Instructions for the task: Once you reach the line with "Some of the words" below, copy each line exactly, stopping after the line with "this 1600×1200 image.", and skip any pictures.

Data in this exercise:
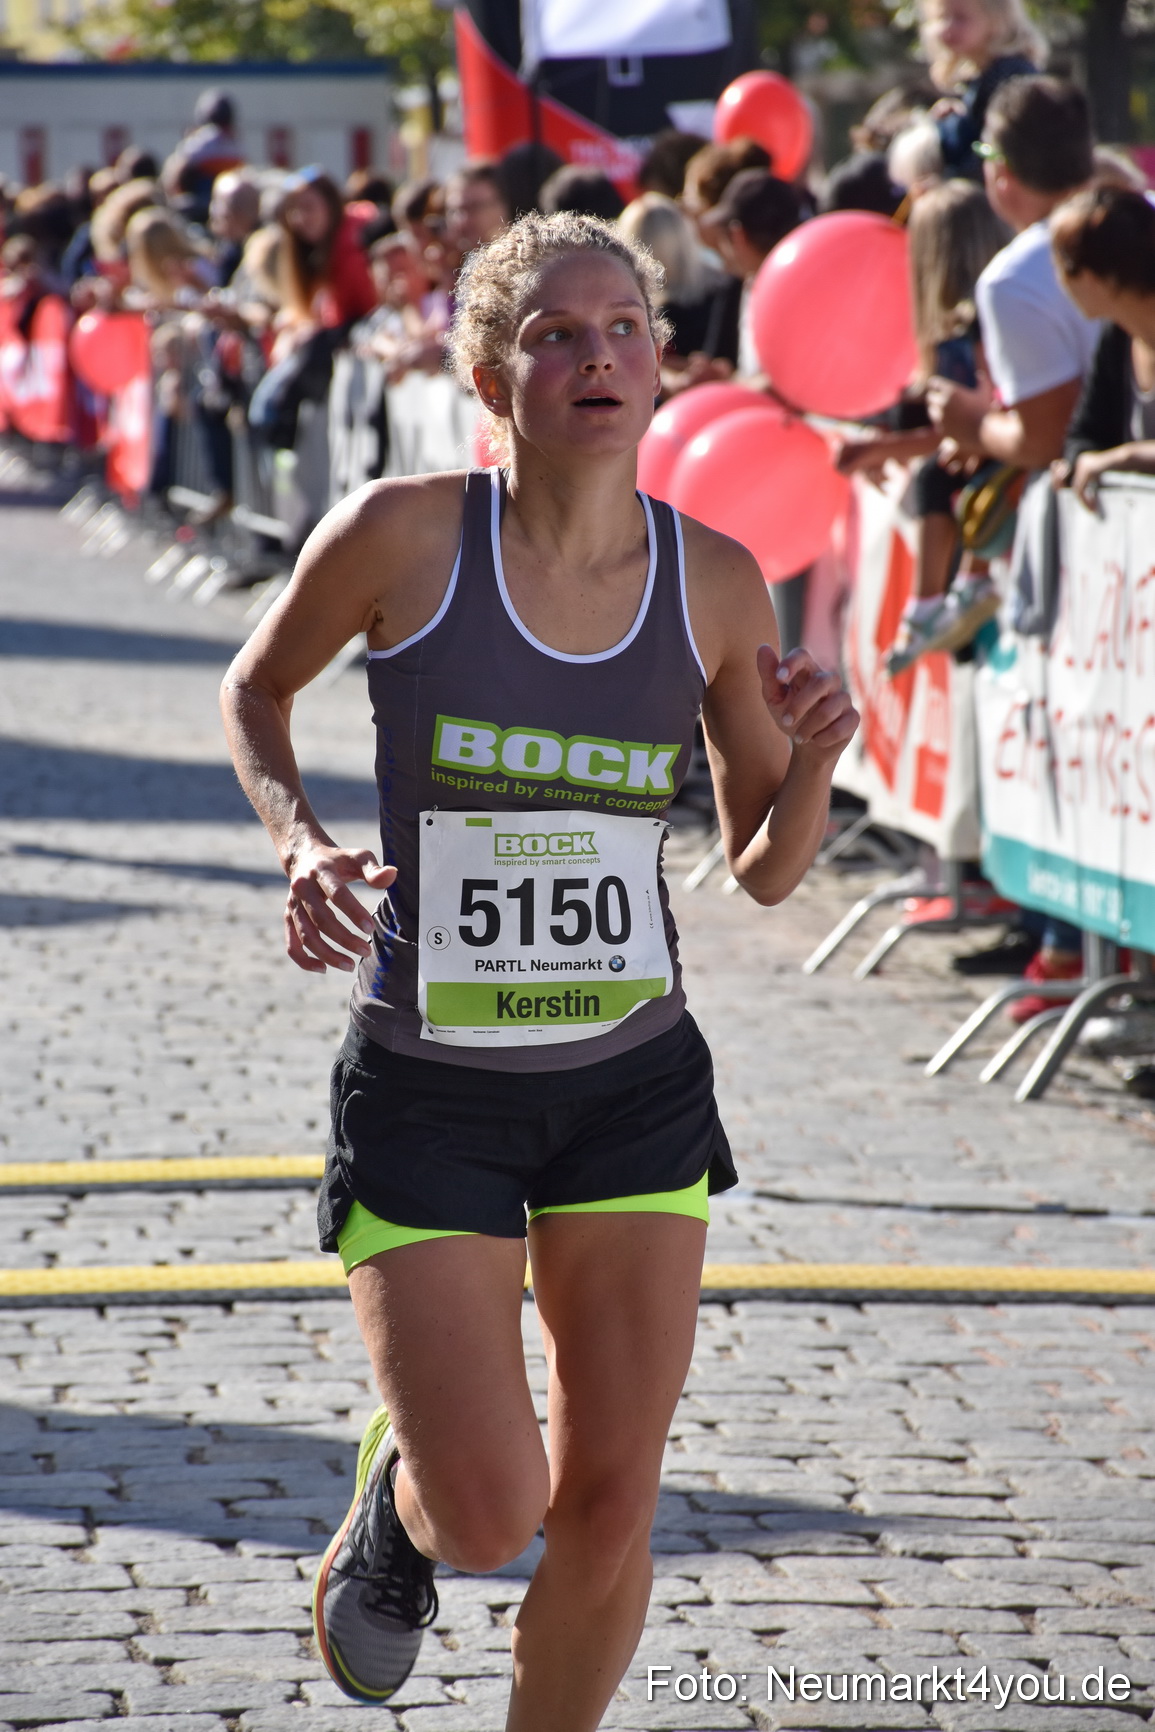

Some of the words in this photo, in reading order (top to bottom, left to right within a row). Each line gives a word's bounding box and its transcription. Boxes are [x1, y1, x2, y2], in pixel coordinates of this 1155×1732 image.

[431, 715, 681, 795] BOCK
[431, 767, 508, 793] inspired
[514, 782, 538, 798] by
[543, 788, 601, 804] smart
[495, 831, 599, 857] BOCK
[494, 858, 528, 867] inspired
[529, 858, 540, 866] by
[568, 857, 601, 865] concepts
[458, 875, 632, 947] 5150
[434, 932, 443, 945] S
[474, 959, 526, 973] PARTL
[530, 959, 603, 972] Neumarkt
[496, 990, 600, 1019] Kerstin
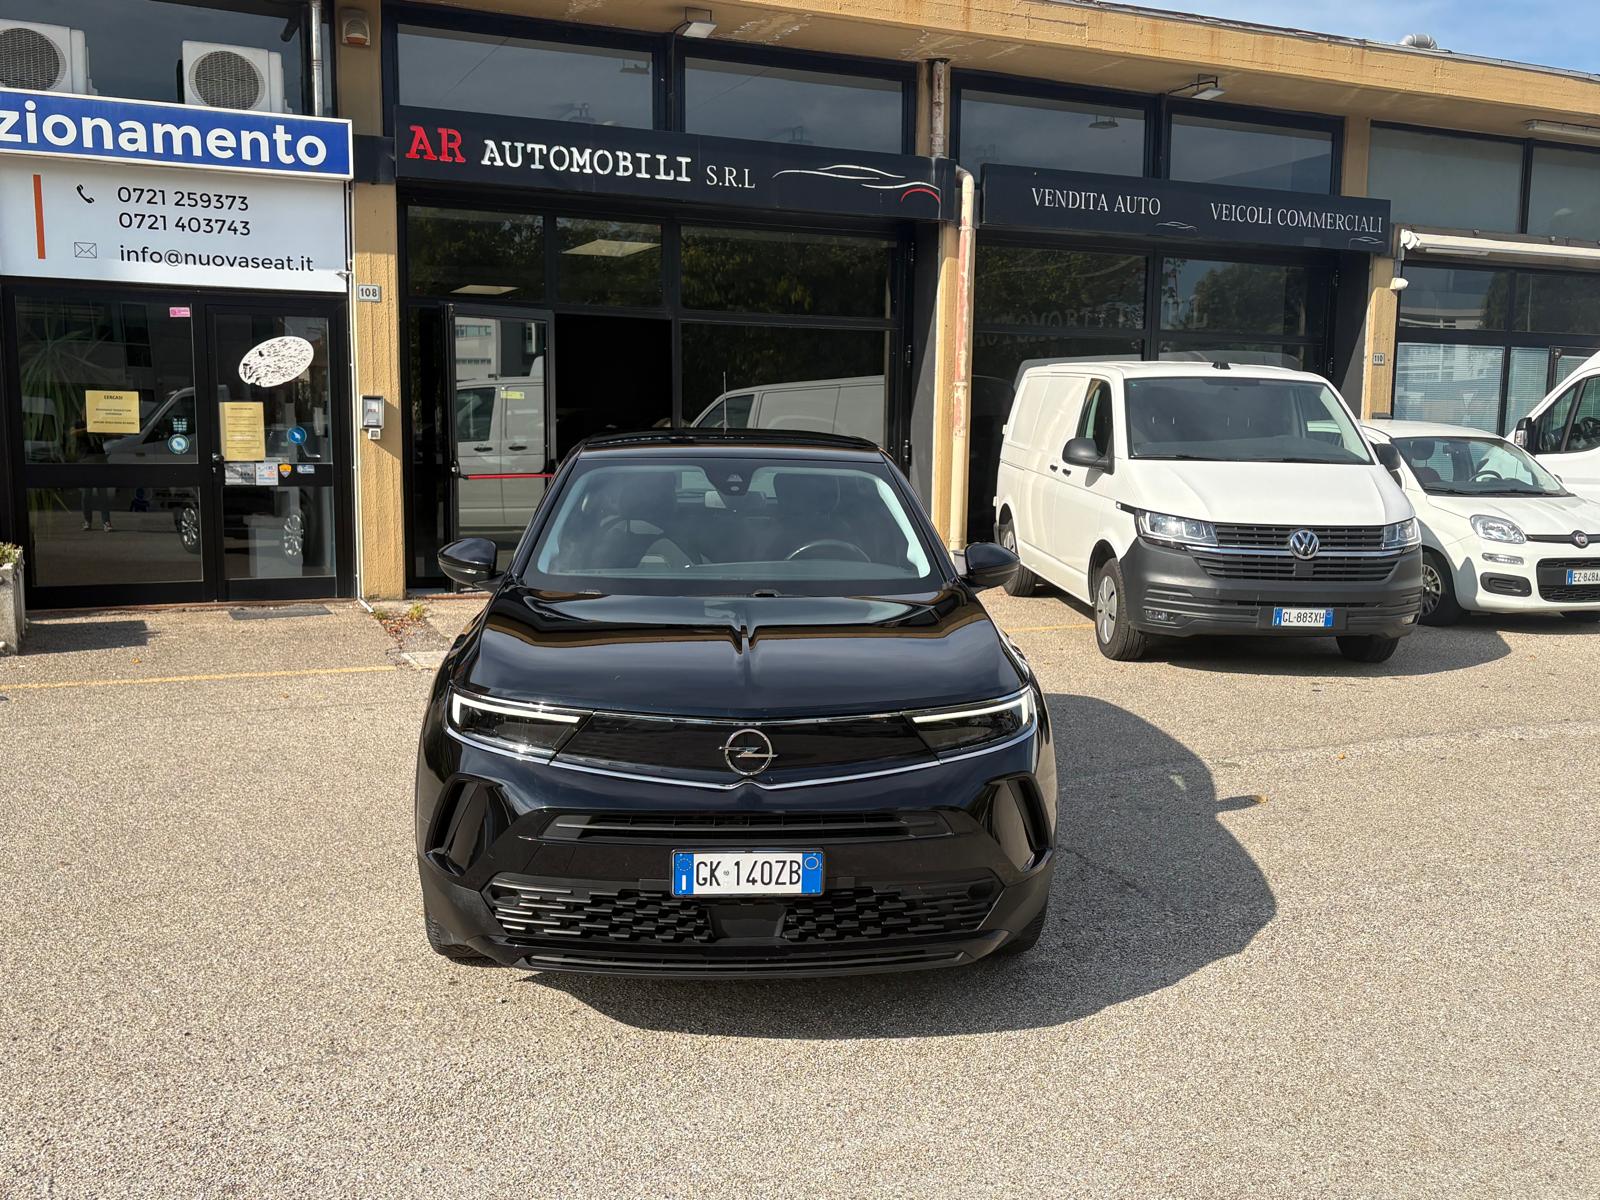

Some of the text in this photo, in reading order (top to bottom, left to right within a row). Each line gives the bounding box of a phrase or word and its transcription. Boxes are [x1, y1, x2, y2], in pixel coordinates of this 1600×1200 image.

* * *

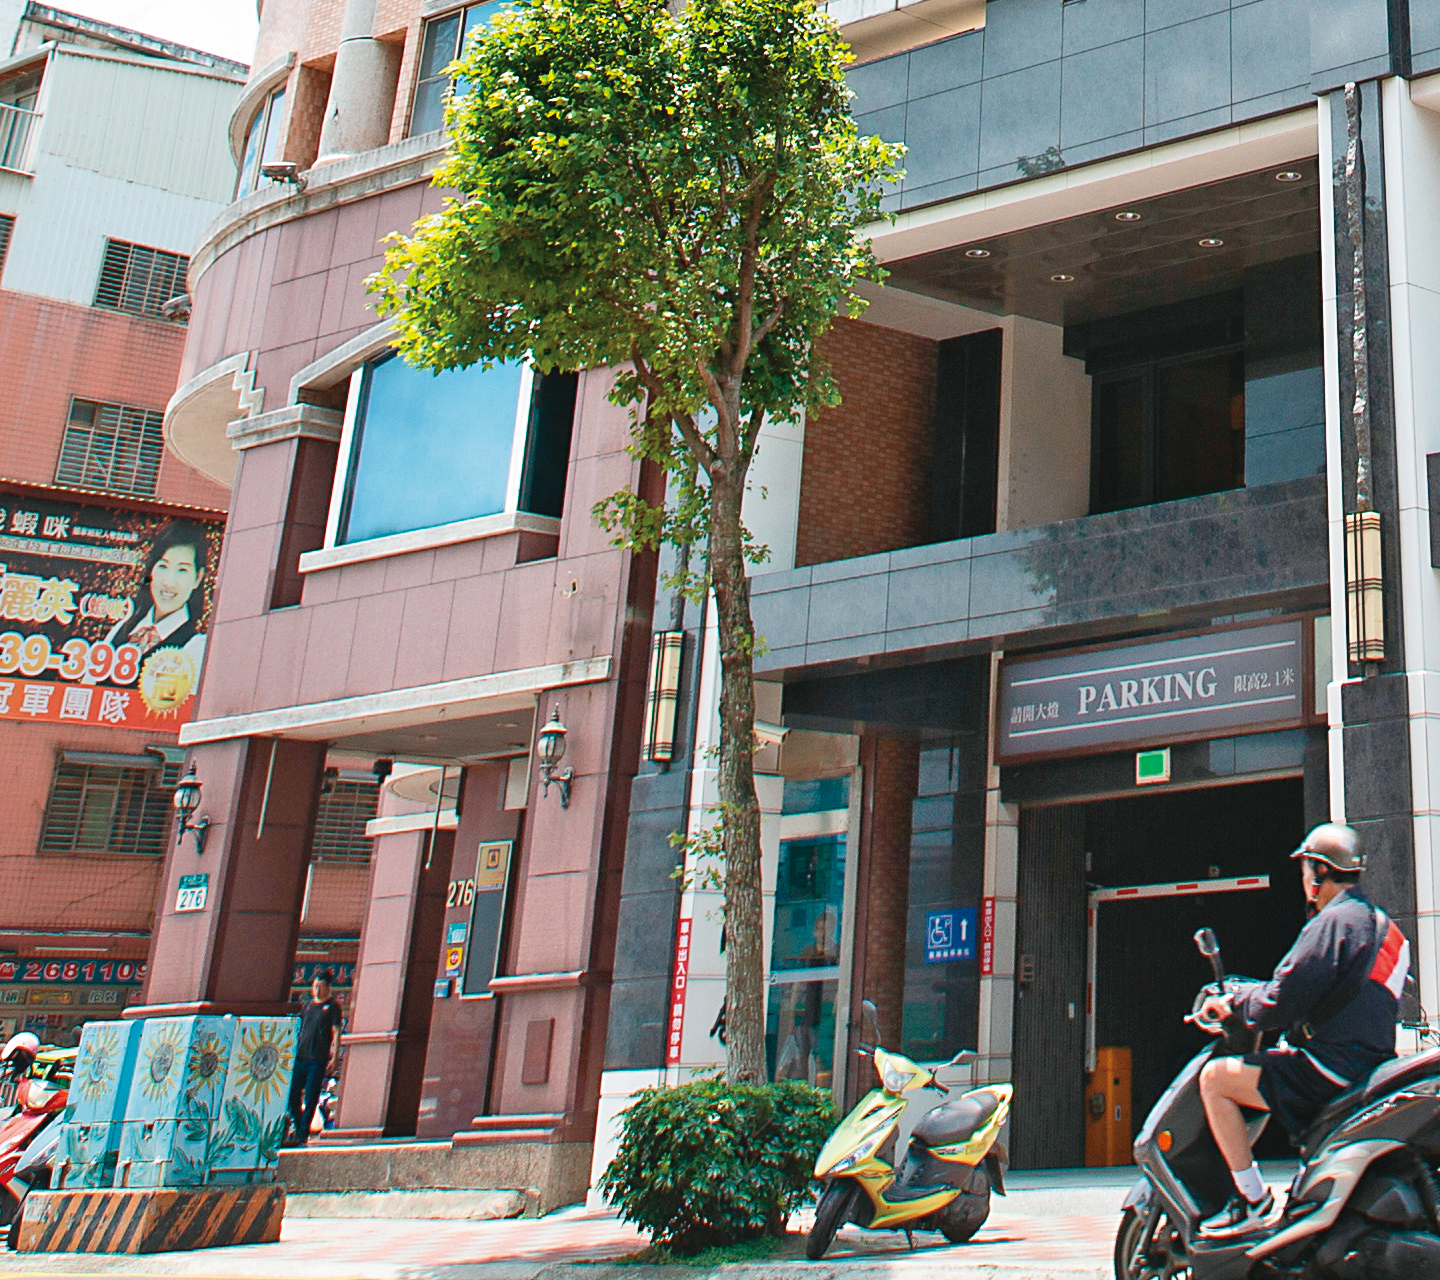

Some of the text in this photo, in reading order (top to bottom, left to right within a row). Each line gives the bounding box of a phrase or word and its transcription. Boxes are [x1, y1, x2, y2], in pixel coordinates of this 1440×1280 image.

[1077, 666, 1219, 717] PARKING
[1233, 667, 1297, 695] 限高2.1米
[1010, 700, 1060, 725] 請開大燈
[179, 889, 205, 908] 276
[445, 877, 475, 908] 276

Answer area:
Some of the words in this photo, in reading order (top to bottom, left to right within a row). Each line gives a word's bounding box and its transcription. Boxes are [x1, y1, x2, y2], in pixel coordinates of this 1155×1732 image.

[431, 715, 681, 795] BOCK
[431, 767, 508, 793] inspired
[514, 782, 538, 798] by
[543, 788, 601, 804] smart
[495, 831, 599, 857] BOCK
[494, 858, 528, 867] inspired
[529, 858, 540, 866] by
[568, 857, 601, 865] concepts
[458, 875, 632, 947] 5150
[434, 932, 443, 945] S
[474, 959, 526, 973] PARTL
[530, 959, 603, 972] Neumarkt
[496, 990, 600, 1019] Kerstin

Some of the text in this photo, in reading order (top to bottom, left to right within a row). Each line gives the bounding box of a phrase or word and its transcription. Boxes are [x1, y1, x2, y2], in pixel coordinates of this 1600×1200 image.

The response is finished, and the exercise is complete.